Just one day after the first reported death in the U.S., an ABC News correspondent emailed Fauci to ask whether he agreed with a source in the Department of Homeland Security that as many as 500,000 deaths could result from the virus and 98 million could be infected. 

Fauci replied, “That seems exceptionally high.”

3. Fauci was too busy to care

Also previously reported by Human Events News, a physicist gave an early warning that China had been lying about the number of deaths due to the coronavirus. 

Unfortunately, Fauci was too busy to care. 

In the email, sent in mid-March of 2020, Erik A. Nilsen wrote that he’d been “modeling this outbreak since January,” adding that “the data posted by China is not only garbage, it has misled the world into a false sense of security.” 

“I truly believe the outbreak tsunami in the USA [has] either already happened or is about to happen,” he continued. “As you know, as soon as a surge is sensed, the Tsunami will immediately follow.
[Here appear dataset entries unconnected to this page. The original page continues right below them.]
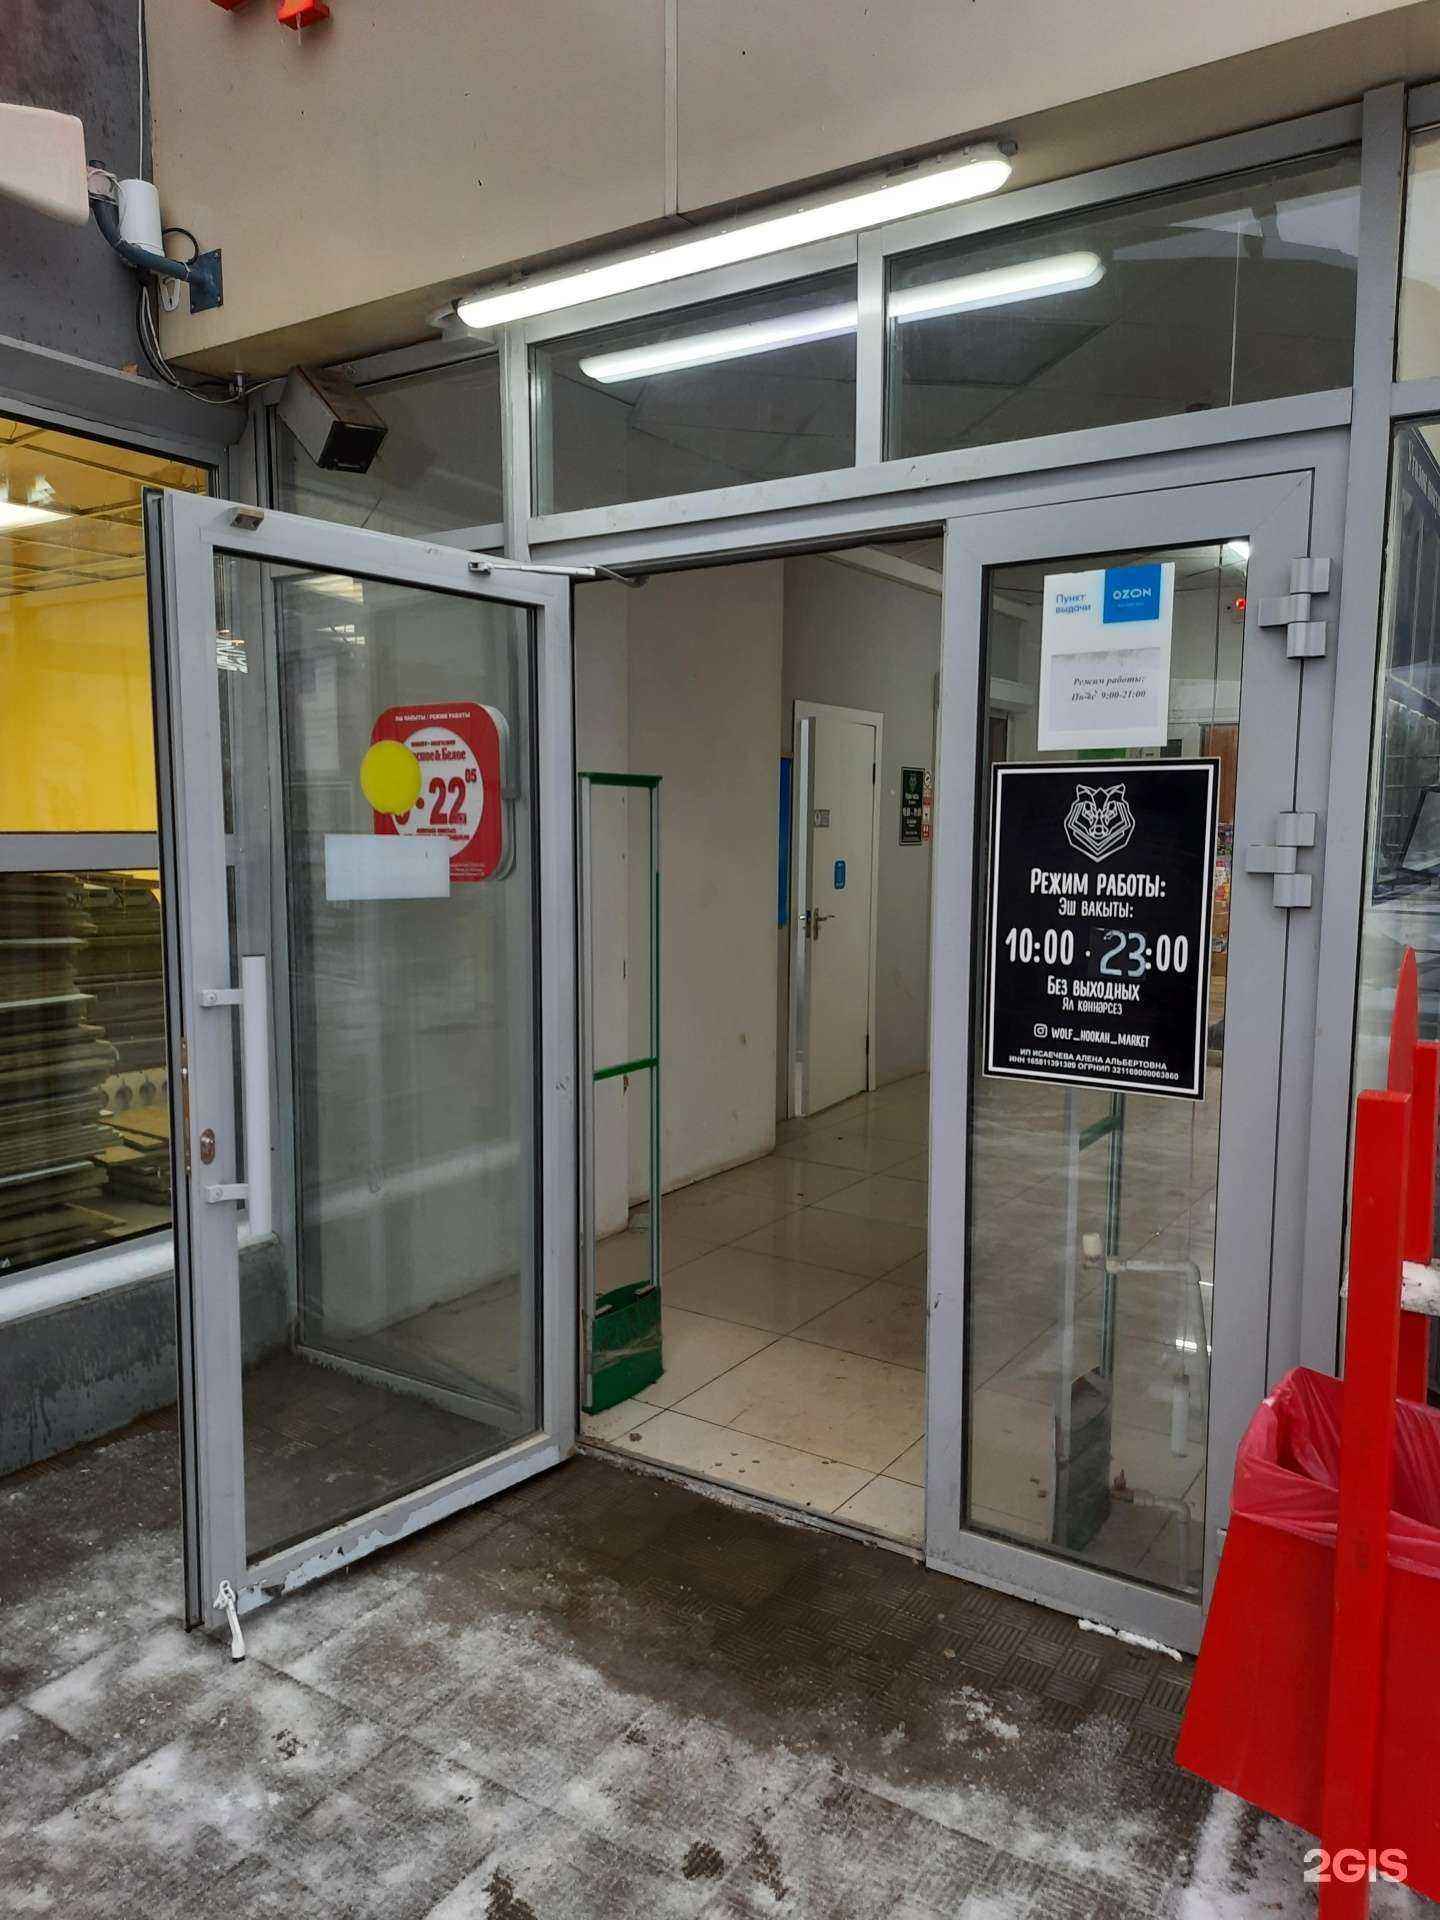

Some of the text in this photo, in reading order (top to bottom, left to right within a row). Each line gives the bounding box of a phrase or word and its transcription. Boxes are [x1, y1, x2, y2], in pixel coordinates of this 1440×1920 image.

[1056, 593, 1086, 605] Пункт
[1112, 587, 1152, 600] OZON
[1055, 604, 1091, 615] выдачи
[1096, 872, 1166, 898] РАБОТЫ:
[1081, 900, 1134, 918] ВАКЫТЫ:
[1005, 927, 1074, 965] 10:00
[1100, 929, 1189, 978] 23:00
[1072, 980, 1141, 1001] ВЫХОДНЫХ
[1051, 1026, 1150, 1048] WOLF_HOOKAH_MARKET
[1009, 1055, 1026, 1064] ИНН
[1077, 1062, 1111, 1073] ОГРНИП
[1020, 1048, 1168, 1071] ИП ИСАЕЧЕВА АЛЕНА АЛЬБЕРТОВНА
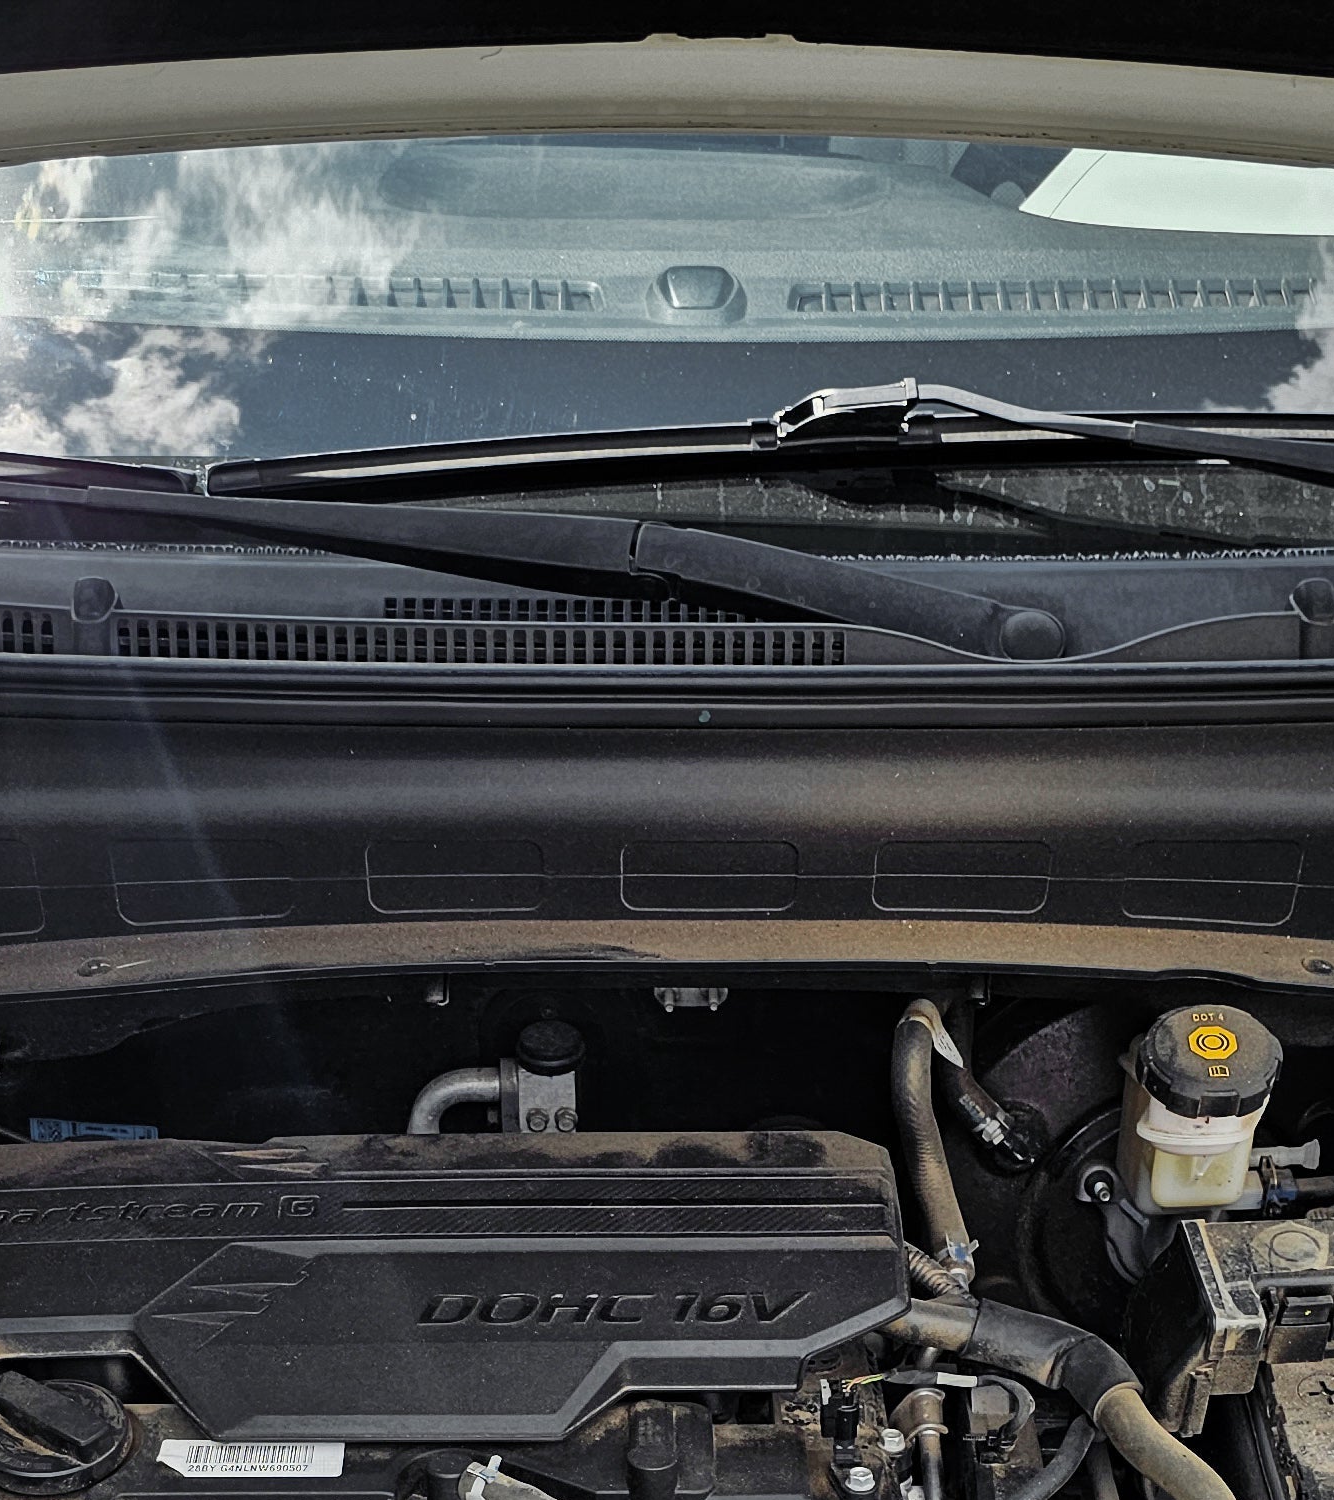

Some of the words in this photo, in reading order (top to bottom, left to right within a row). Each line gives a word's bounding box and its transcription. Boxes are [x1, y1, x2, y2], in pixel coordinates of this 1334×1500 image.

[1192, 1012, 1215, 1022] DOT
[417, 1292, 657, 1326] DOHC
[673, 1291, 812, 1324] 16V
I believe we missed the containment boat quite a while ago.” 

Taking absolutely no responsibility, Fauci carelessly forwarded the email to a member of the NIH, writing “too long for me to read.” 

4. Fauci on the big screen?

Fauci didn’t shy away from a documentary film proposed by Disney. 

While millions were suffering from infection, Fauci was focused on a film about his life. 

A message from Walt Disney Co. Executive Chairman Robert Iger said the documentary would feature footage of Fauci at home as well as doing his job. 

In another email, Fauci wrote that seeing Hollywood star Brad Pitt playing him on “Saturday Night Live” had “made [his] year.”

5. Funding Fauci

The National Institutes of Health sent money to the EcoHealth Alliance, a nonprofit that funded coronavirus research at the Wuhan Institute of Virology, the alleged place from where COVID-19 escaped. 

British zoologist Peter Daszak, president of EcoHealth Alliance, wrote Fauci on April 18 to thank him for his statement that the coronavirus appeared to have originated in an animal.  

“I just wanted to say a personal thank you on behalf of our staff and collaborators, for publicly standing up and stating that the scientific evidence supports a natural origin for COVID-19 from a bat-to-human spillover, not a lab release from the Wuhan Institute of Virology,” Daszak wrote. 

EcoHealth Alliance is a federal contractor that funded research work at the Wuhan lab.

Daszak added, “Your comments are brave, and coming from your trusted voice, will help dispel the myths being spun around the virus’ origins.”

Fauci replied, “Peter: Many thanks for your kind note.”